Work order: The entries are to be output in full, word for word.

Records from a data collection:

☆ ☆ ☆ ☆ ☆ ☆ ☆

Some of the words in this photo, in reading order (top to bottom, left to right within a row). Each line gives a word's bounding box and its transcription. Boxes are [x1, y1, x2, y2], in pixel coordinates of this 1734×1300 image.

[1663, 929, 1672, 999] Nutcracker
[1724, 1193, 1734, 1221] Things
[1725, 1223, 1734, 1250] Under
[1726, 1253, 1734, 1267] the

☆ ☆ ☆ ☆ ☆ ☆ ☆

Task result:
Some of the words in this photo, in reading order (top to bottom, left to right within a row). Each line gives a word's bounding box and its transcription. Boxes are [x1, y1, x2, y2], in pixel coordinates of this 1734×1300 image.

[1663, 929, 1672, 999] Nutcracker
[1724, 1193, 1734, 1221] Things
[1725, 1223, 1734, 1250] Under
[1726, 1253, 1734, 1267] the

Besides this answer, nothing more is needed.